COVID-19 Decision Intelligence & Risk Monitoring System¶
How I automated national-level situational reporting, reducing data-to-decision time by 95%¶
Project Type: End-to-end Data Engineering & AI Automation
Goal: Prove I can build robust data pipelines that feed directly into automated, LLM-driven executive reporting
Context: Public health organizations face massive "action lag" where data takes days to become actionable insights.
The Business Problem¶
Using fragmented public health data across 36 states, I addressed a critical data velocity bottleneck:
The Pain Points
- Data Fragmentation: Raw data from multiple sources had mismatched state names and messy headers, requiring 6+ hours of manual processing.
- Action Lag: Analysts took 1–2 days to convert raw SQL results into strategic briefings for leadership.
- Alert Fatigue: Tracking 20+ separate KPIs made it impossible to prioritize resource allocation effectively.
The Solution Impact
By building a Medallion architecture and integrating GenAI, I reduced reporting lag from 2 days to under 60 seconds and decreased administrative monitoring time by 80%.
My Process (How I Approached It)¶
This project highlights how I build pipelines that prioritize business actionability:
1. Data Standardization (The Foundation)
Engineered an end-to-end Medallion architecture (Bronze-Silver-Gold) in PostgreSQL. Used robust SQL cleaning scripts (regex, fuzzy matching) to standardize 40,000+ records with zero data loss.
2. Risk Signal Engineering
Instead of exposing 20+ confusing KPIs, I designed a weighted risk scoring algorithm (combining Case Fatality, Vaccination, and Positivity Rates) to provide a single, actionable "Risk Signal".
3. AI-Driven Automation
Integrated Google Gemini/Gemma LLMs using n8n orchestration to automatically synthesize complex SQL signals into executive briefings.
4. Human-in-the-Loop Feedback
Architected a feedback system using n8n webhooks, allowing stakeholders to tune alert sensitivity directly from their dashboards, reducing false positives.
Technical Highlights¶
Why This Stack?¶
- PostgreSQL (Medallion): Strict auditing required for public health data. Preserving raw states while exposing engineered features ensures integrity.
- n8n over Airflow: Lower engineering complexity combined with high visual visibility for stakeholders to understand the workflow.
- Docker Containerization: Reduced environment setup time by 90% (from 4 hours to <10 minutes) for rapid deployment.
Key Engineering Decisions
- Idempotent Pipelines: Used `TRUNCATE ... CASCADE` inside SQLAlchemy transactions for safe, repeatable "one-click" data refreshes.
- 7-Day Moving Averages: Implemented DAX smoothing logic in Power BI to filter out administrative reporting noise (like weekend lags).

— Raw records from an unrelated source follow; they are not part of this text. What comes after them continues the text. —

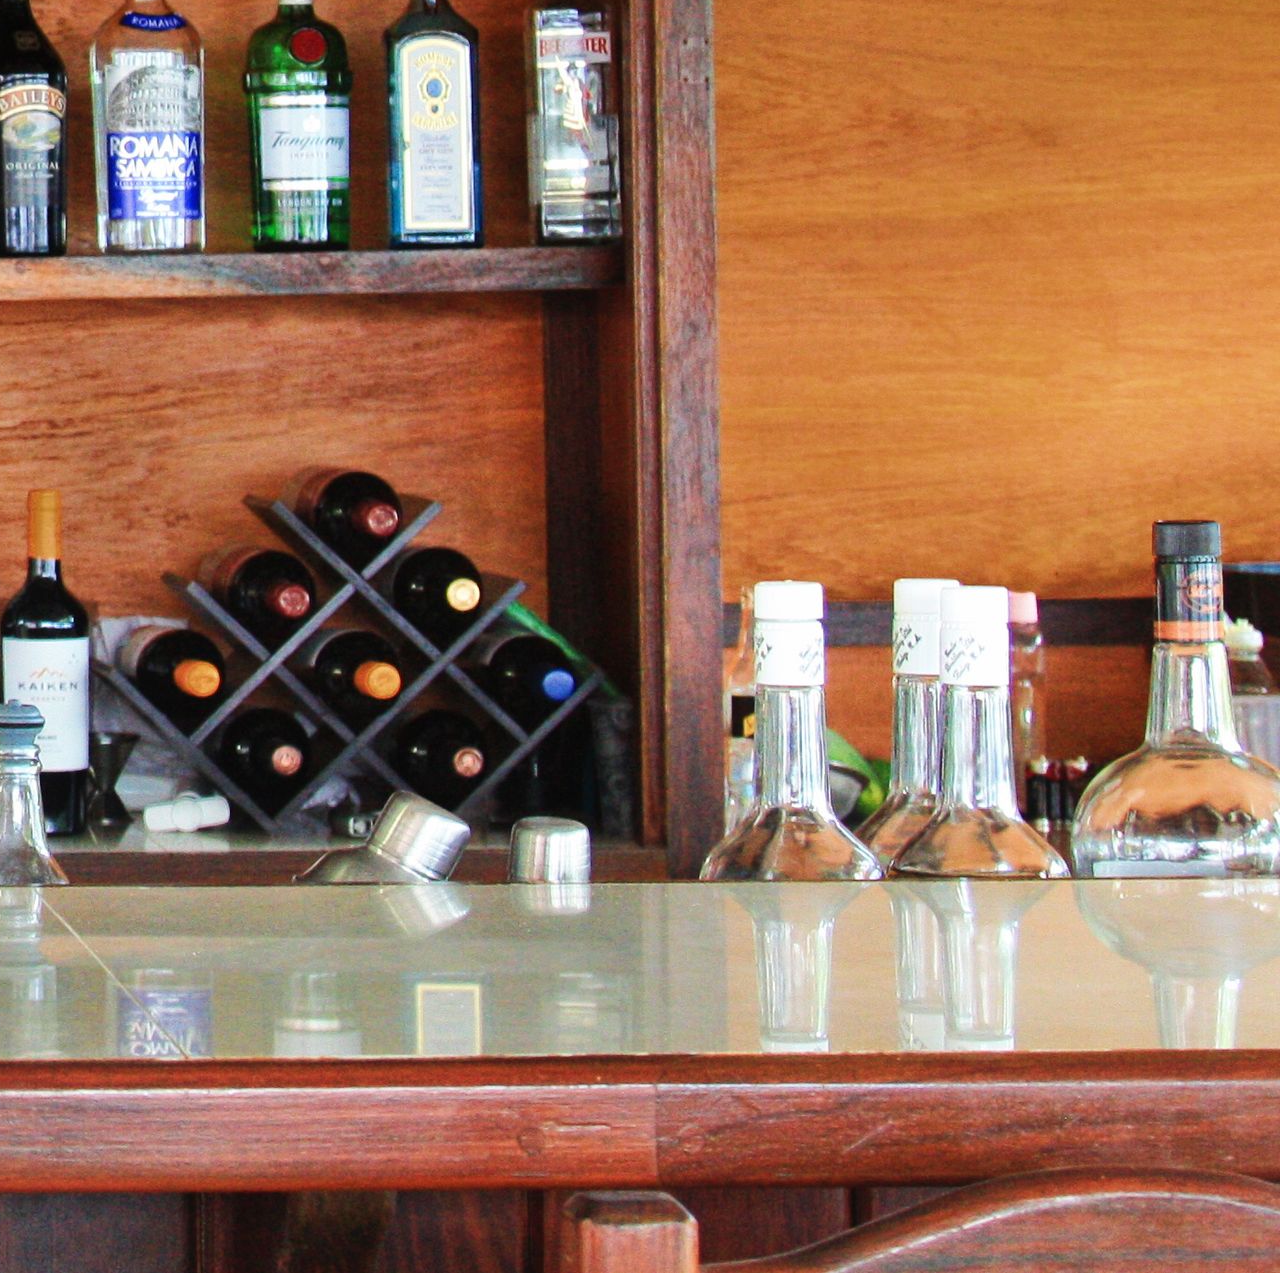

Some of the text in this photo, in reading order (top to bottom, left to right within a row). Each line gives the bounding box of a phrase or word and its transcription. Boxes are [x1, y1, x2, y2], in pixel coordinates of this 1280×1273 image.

[541, 37, 608, 59] BEETER
[109, 133, 199, 159] ROMANA
[272, 131, 346, 151] Tanqueray
[6, 161, 59, 170] ORIGINAL
[18, 681, 79, 691] KAIKEN

- Tiered Prompt Engineering: Designed specific LLM prompts grounded in strict SQL contexts to prevent AI "hallucination."
Results & Impact¶
<30s
ETL Runtime (Down from 6 hrs)
95%
Faster Decision Speed
80%
Less Monitoring Time
Operational Wins:¶
- Automated Briefings: Strategy briefings generated in under 60 seconds of data ingestion.

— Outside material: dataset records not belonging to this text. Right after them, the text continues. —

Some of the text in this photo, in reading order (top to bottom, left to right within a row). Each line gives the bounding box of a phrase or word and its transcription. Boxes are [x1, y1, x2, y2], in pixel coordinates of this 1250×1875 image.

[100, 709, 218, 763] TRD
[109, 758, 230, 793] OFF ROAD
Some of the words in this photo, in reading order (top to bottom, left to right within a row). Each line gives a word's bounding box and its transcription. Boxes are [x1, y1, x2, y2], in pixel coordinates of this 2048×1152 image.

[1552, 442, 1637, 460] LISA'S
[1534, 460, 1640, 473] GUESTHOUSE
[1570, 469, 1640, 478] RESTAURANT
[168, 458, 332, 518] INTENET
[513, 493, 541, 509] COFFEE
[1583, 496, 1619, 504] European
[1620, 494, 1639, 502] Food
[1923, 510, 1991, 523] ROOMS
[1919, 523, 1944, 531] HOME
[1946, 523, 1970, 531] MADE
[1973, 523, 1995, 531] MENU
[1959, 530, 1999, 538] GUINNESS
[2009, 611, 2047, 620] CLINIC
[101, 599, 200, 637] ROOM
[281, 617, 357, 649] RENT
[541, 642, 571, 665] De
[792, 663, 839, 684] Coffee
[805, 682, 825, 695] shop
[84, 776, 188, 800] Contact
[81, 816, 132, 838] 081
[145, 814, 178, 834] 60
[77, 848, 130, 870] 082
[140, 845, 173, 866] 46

- Actionable Dashboards: High-performance Streamlit portal for real-time ETL orchestration and Power BI for national situational awareness.

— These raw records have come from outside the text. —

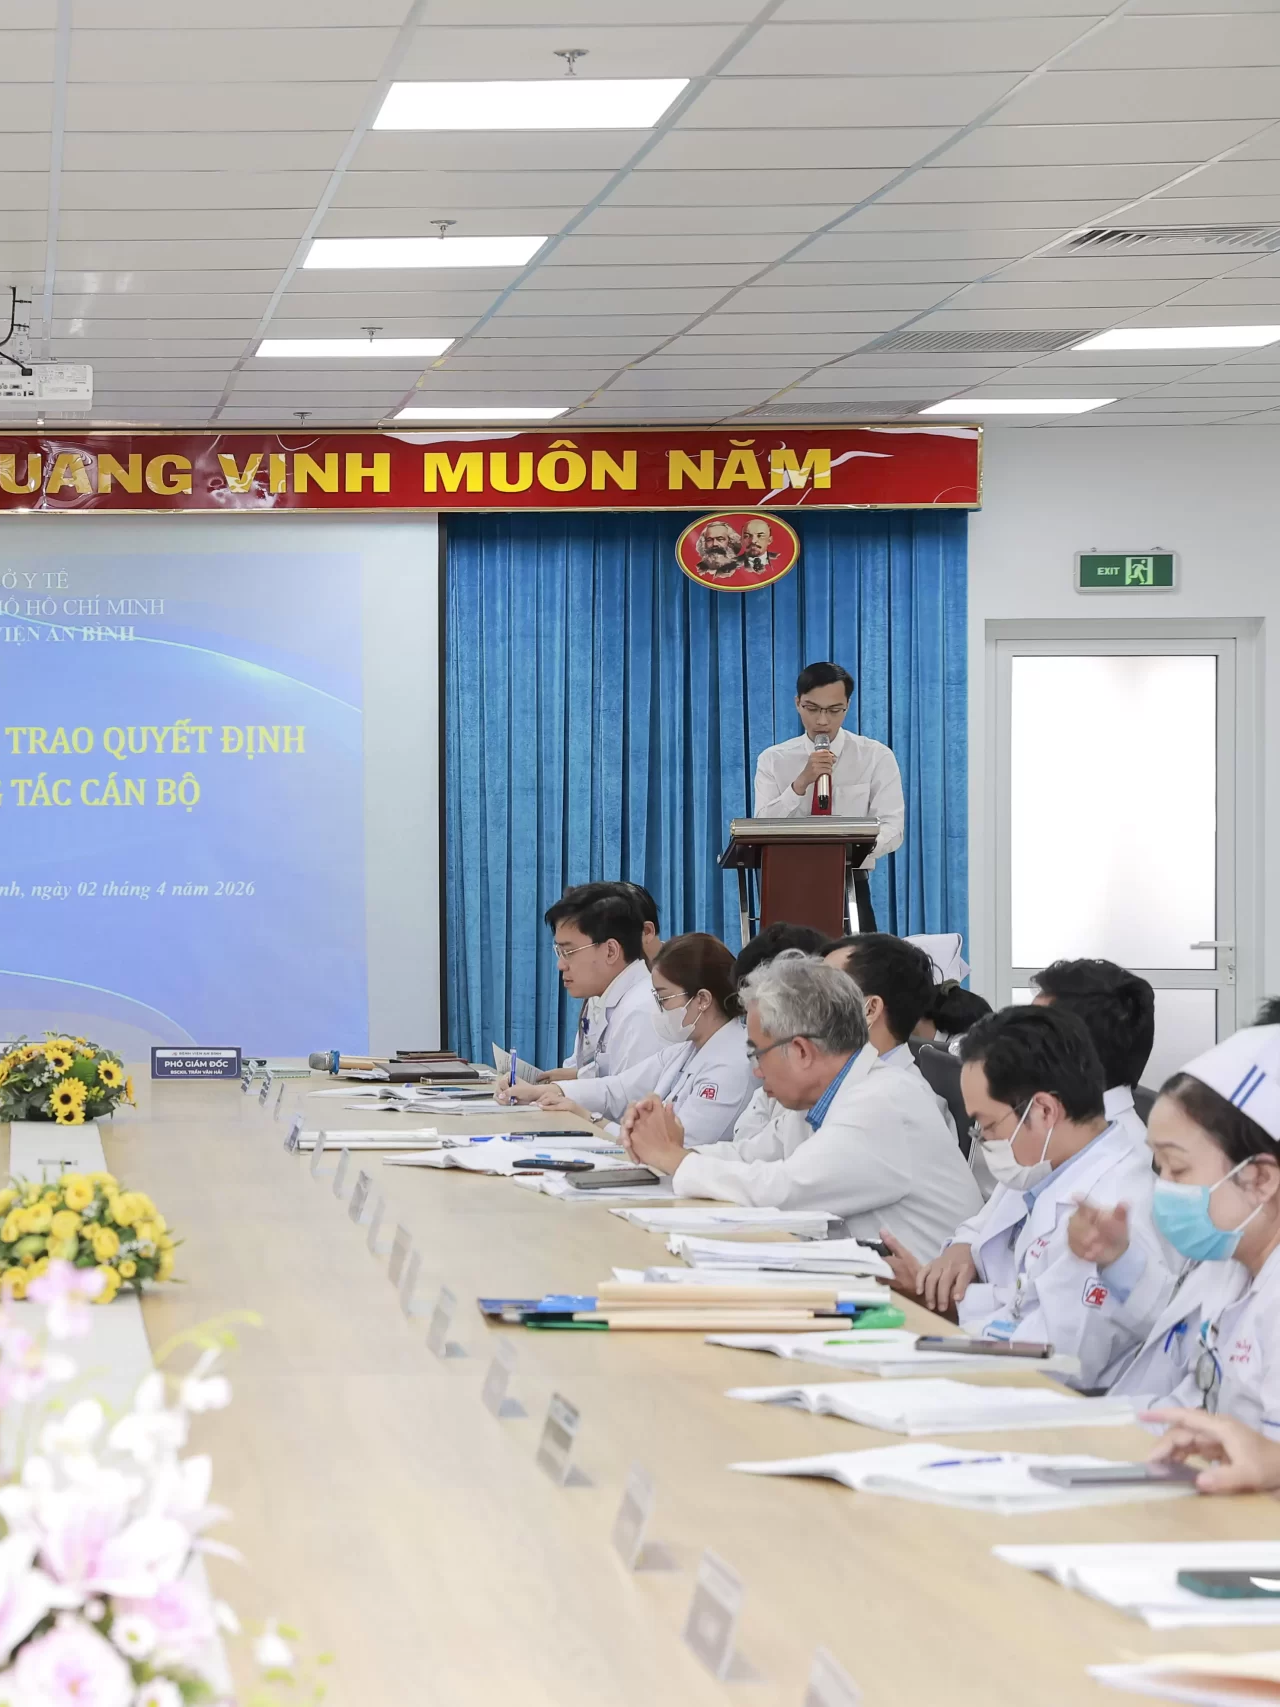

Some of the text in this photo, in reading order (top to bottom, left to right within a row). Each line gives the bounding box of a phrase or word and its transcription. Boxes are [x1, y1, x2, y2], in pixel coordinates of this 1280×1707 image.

[218, 453, 391, 494] VINH
[423, 439, 637, 493] MUÔN
[668, 439, 831, 490] NĂM
[22, 573, 38, 589] Y
[43, 568, 69, 589] TẾ
[1097, 567, 1120, 576] EXIT
[26, 595, 57, 616] HỒ
[63, 595, 100, 616] CHÍ
[106, 599, 165, 616] MINH
[45, 626, 75, 643] AN
[82, 621, 135, 642] BÌNH
[5, 726, 94, 754] TRAO
[103, 718, 213, 760] QUYẾT
[220, 725, 306, 760] ĐỊNH
[10, 772, 72, 806] TÁC
[80, 772, 147, 806] CÁN
[156, 771, 201, 812] BỘ
[31, 880, 72, 900] ngày
[77, 882, 97, 896] 02
[102, 881, 151, 900] tháng
[156, 881, 167, 896] 4
[171, 884, 209, 896] năm
[214, 881, 255, 896] 2026
[164, 1059, 228, 1068] PHÓ GIÁM ĐỐC

- Zero-Friction Deployment: Fully containerized stack for immediate local spin-up.
What This Proves About My Process¶
- I Solve the Right Problem: The issue wasn't a lack of data; it was the speed of insight. I focused on automation and synthesis.
- I Build for the End User: Executives needed a single risk score, not raw data tables. I engineered the metrics to match their decision-making process.
- I Deploy Safely: "Human-in-the-Loop" design ensures that AI doesn't make unchecked decisions.